## ABOUT THIS TASK
Transcribe the records that follow. Keep every word exactly, and drop the pictures.

## DATA FOR THIS EXERCISE
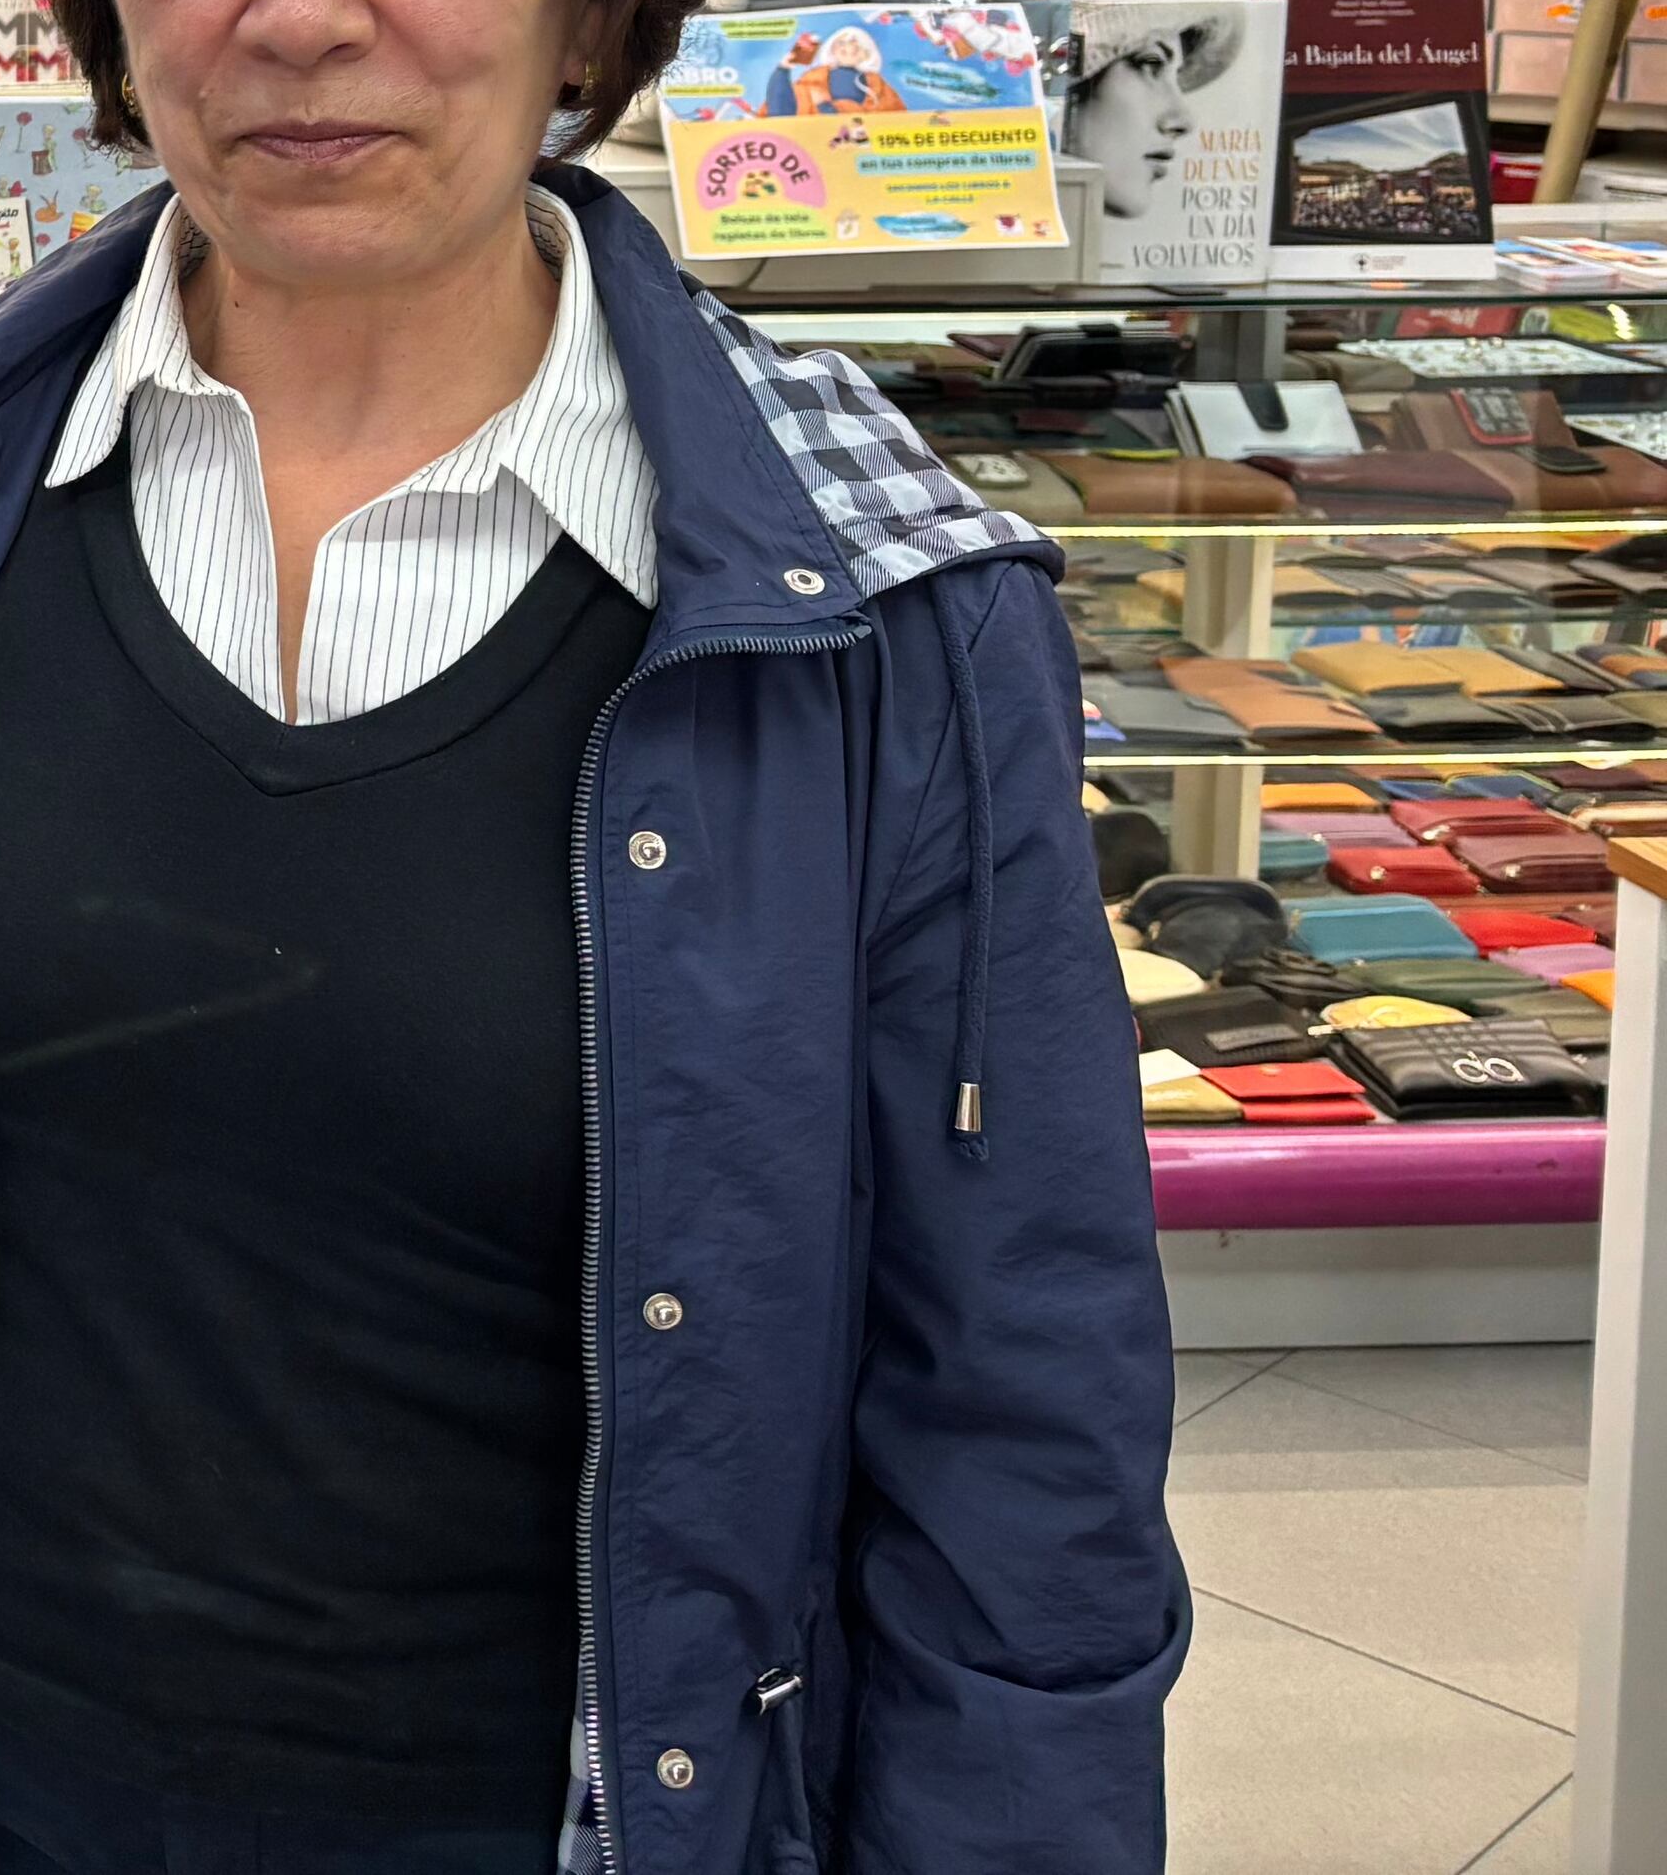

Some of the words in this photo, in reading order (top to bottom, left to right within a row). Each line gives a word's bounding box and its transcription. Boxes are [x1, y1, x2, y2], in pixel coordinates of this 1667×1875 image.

[1305, 43, 1373, 69] Bajada
[1379, 42, 1410, 65] del
[1417, 39, 1479, 68] Ángel
[879, 130, 910, 147] 10%
[915, 131, 935, 146] DE
[940, 128, 1037, 147] DESCUENTO
[1198, 128, 1262, 153] MARÍA
[707, 140, 778, 198] SORTEO
[780, 153, 811, 185] DE
[861, 158, 877, 171] en
[880, 156, 903, 170] tus
[907, 155, 967, 172] compras
[970, 154, 986, 167] de
[990, 152, 1031, 166] libros
[1184, 157, 1259, 182] DUEÑAS
[1182, 186, 1230, 210] POR
[1240, 186, 1257, 209] SI
[788, 227, 826, 239] libros
[1189, 216, 1217, 240] UN
[1224, 212, 1255, 238] DÍA
[1132, 242, 1254, 270] VOLVEMOS
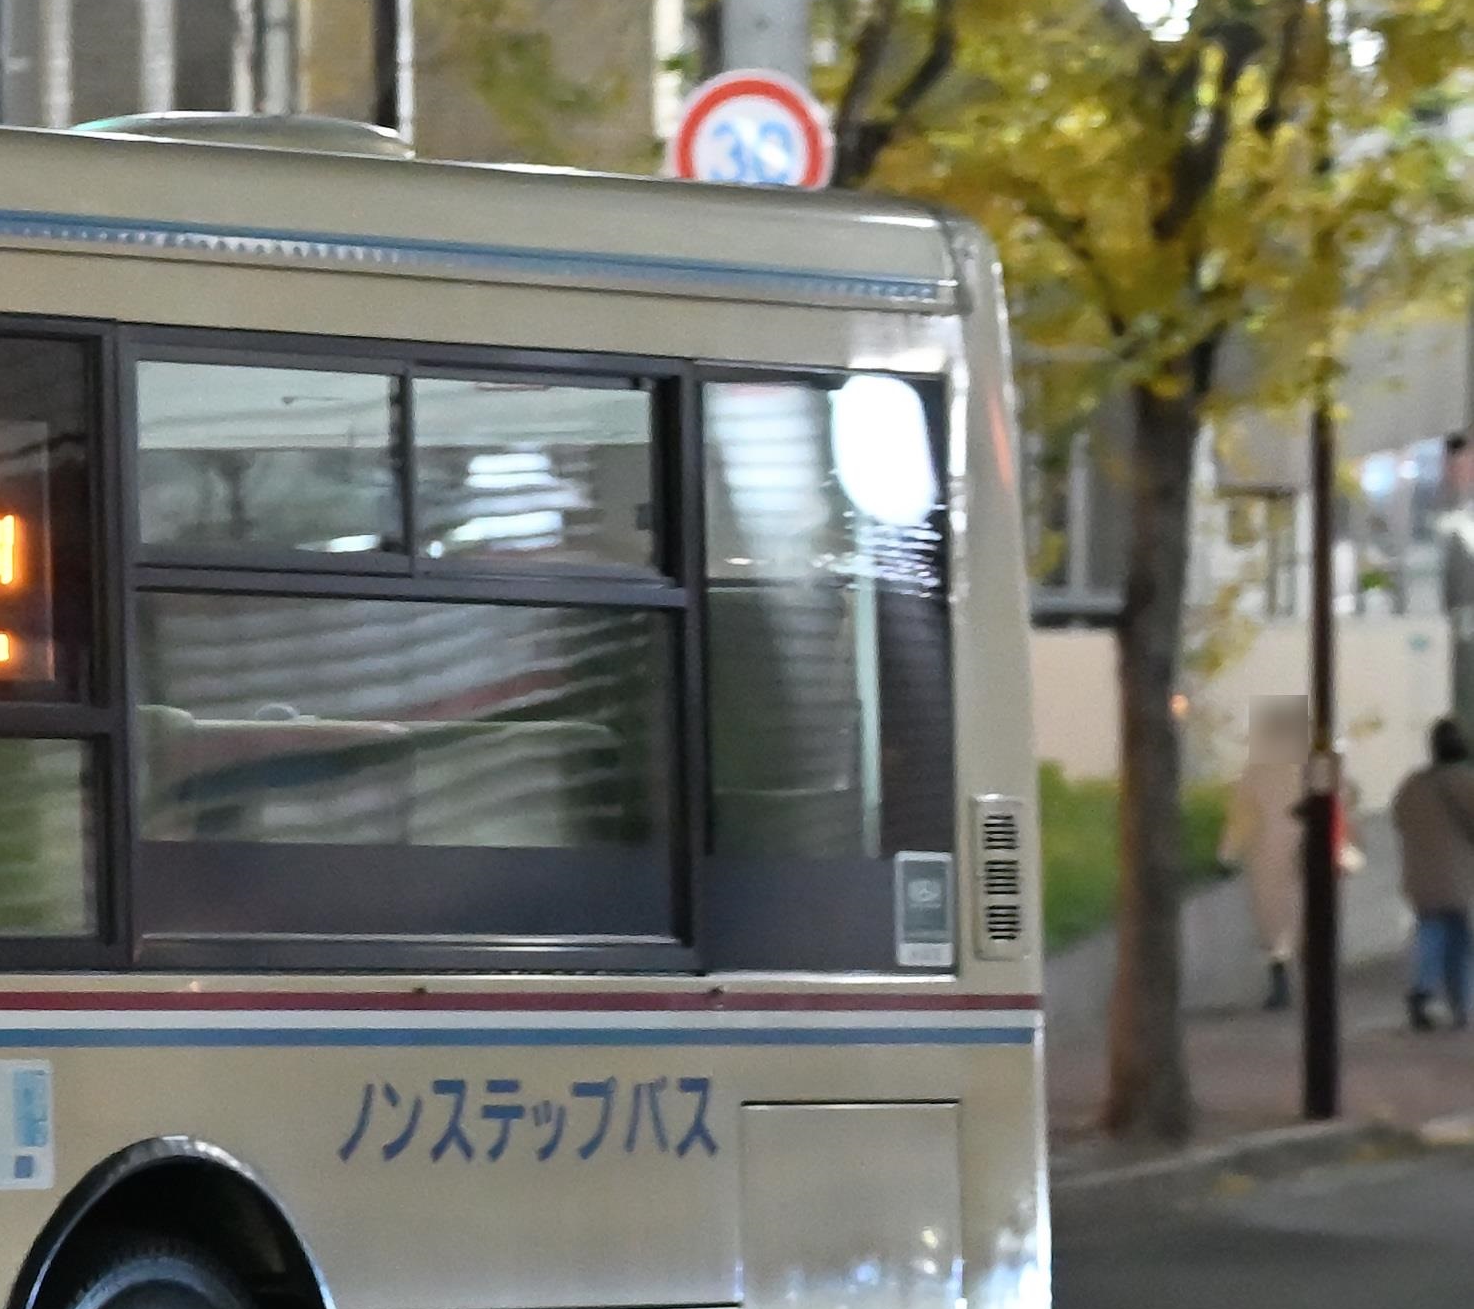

## EXERCISE ANSWER
Some of the words in this photo, in reading order (top to bottom, left to right within a row). Each line gives a word's bounding box and its transcription. Boxes are [x1, y1, x2, y2], in pixel coordinates of this 1667×1875 image.

[1305, 43, 1373, 69] Bajada
[1379, 42, 1410, 65] del
[1417, 39, 1479, 68] Ángel
[879, 130, 910, 147] 10%
[915, 131, 935, 146] DE
[940, 128, 1037, 147] DESCUENTO
[1198, 128, 1262, 153] MARÍA
[707, 140, 778, 198] SORTEO
[780, 153, 811, 185] DE
[861, 158, 877, 171] en
[880, 156, 903, 170] tus
[907, 155, 967, 172] compras
[970, 154, 986, 167] de
[990, 152, 1031, 166] libros
[1184, 157, 1259, 182] DUEÑAS
[1182, 186, 1230, 210] POR
[1240, 186, 1257, 209] SI
[788, 227, 826, 239] libros
[1189, 216, 1217, 240] UN
[1224, 212, 1255, 238] DÍA
[1132, 242, 1254, 270] VOLVEMOS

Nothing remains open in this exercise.